General information
- Type: Single seat fighter aircraft
- National origin: France
- Manufacturer: Avions Michel Wibault
- Number built: 1

= Wibault 9 =

Fighter aircraft

The Wibault 9 or Wib 9 was a single seat, parasol wing fighter aircraft designed and built in France in the 1920s. It was a re-engined version of the relatively successful Wib 7, but failed to reach production.

==Design==
The Wib 9 Simoun was a version of the Wib 7 with the latter's 480 hp 12-cylinder radial Gnome-Rhône 9Ad replaced by a 400 hp water-cooled V-12 Hispano-Suiza 12Jb engine. It was designed and built during the competitive trials held in Villacoublay in 1926–1927, after which the lowly placed Wib 7 won a small order of 25 machines. Originally known as the Wib 71, the Hispano powered version was not completed until after these trials were over, by which time it had been redesignated the Wib 9.

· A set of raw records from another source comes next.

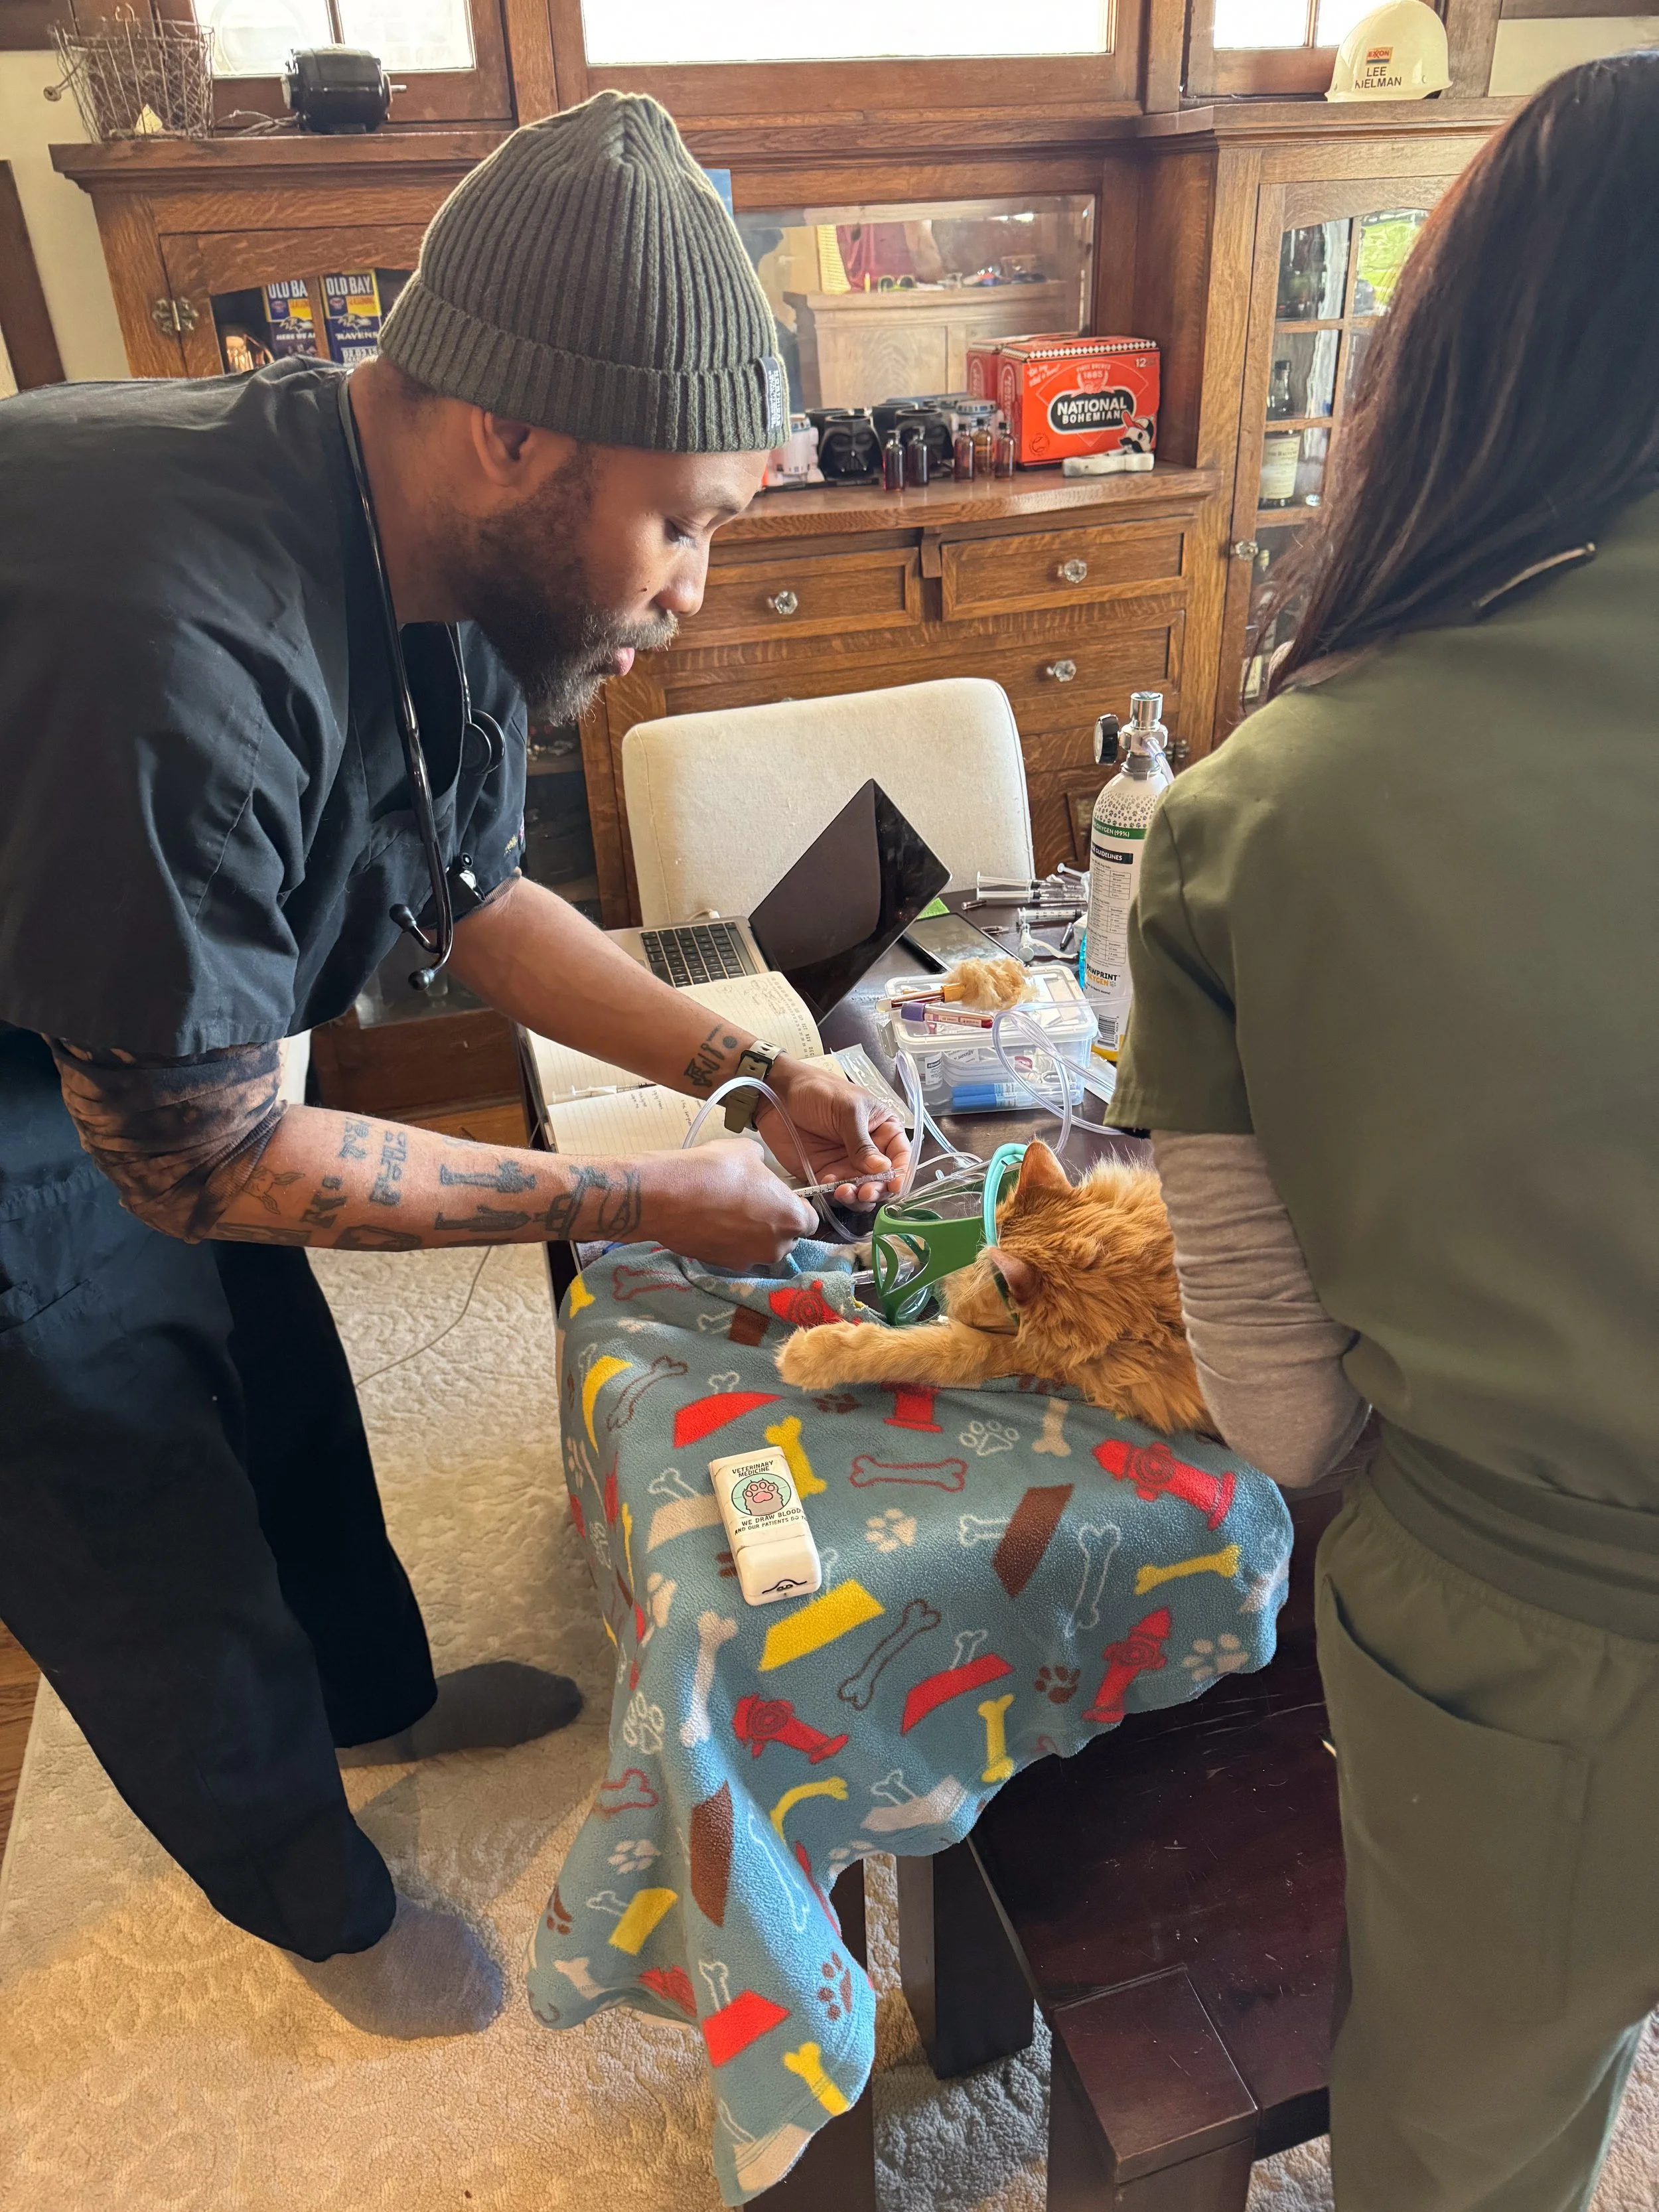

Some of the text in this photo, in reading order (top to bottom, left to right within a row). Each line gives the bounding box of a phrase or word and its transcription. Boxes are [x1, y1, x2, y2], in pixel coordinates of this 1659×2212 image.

[1368, 50, 1390, 58] EXXON
[1366, 66, 1387, 77] LEE
[268, 279, 309, 299] OLD BA
[326, 275, 372, 296] OLD BAY
[1135, 358, 1147, 368] 12
[1056, 396, 1127, 416] NATIONAL
[1062, 411, 1121, 425] BOHEMIAN
[1096, 824, 1114, 834] OXYGEN
[1096, 848, 1123, 861] GUIDELINES
[1086, 964, 1118, 981] PAWPRINT
[1086, 971, 1109, 986] OXYGEN
[732, 1460, 774, 1474] VETERINARY
[738, 1465, 770, 1478] MEDICINE
[755, 1514, 775, 1523] DRAW
[778, 1508, 801, 1518] BLOOD
[735, 1526, 746, 1536] AND
[762, 1517, 789, 1528] PATIENTS

Apart from the engine installation and armament, the Wib 9 and Wib 7 were almost identical. They shared the same all-metal structure, mostly Duralumin covered with narrow aluminium strips applied longitudinally. The parasol wing was straight edged and of constant chord, braced to the lower fuselage with a pair of parallel struts on each side which met the wing at about mid-span. There were cabane struts over the fuselage and a trailing edge cut-out in the wing over the pilot's cockpit to enhance his visibility. The two designs shared the same flat sided fuselage and angular empennage, though the fin of the Wib 9 was noticeably broader. They shared similar split axle fixed conventional undercarriages. The dimensions were also the same apart from a 250 mm increase in length resulting from the longer V-12 engine. Though the Wib 9 had both wing and fuselage mounted pairs of machine guns whereas the production Wib 7 had just the fuselage pair, a similar four gun arrangement had been trialled on the second prototype of the Wib 7.

The engine installation of the Wib 9 was different from that of the radial engined Wib 7 but close to that used on the Wib 8, another V-12 Hispano powered aircraft. The engine was totally enclosed within a cowling which clearly followed the contours of the two cylinder banks and was cooled by a retractable, half-cylindrical radiator on the fuselage underside at the back of the engine. A two-bladed propeller was fitted, as on all the Wibault parasol fighters. As well as being longer, the water-cooled V-12 was inevitably heavier than the air-cooled radial so the Wib 9 had an empty weight 90 kg greater than the Wib 7, but with the fuel load reduced by 16% the loaded weights only differed by 37 kg.

The Wib 9 was flown for the first time no earlier than mid-1926. Limited flight trials suggested it was a little faster than the Wib 7 but no production contract followed and development was soon ended. Only one was built.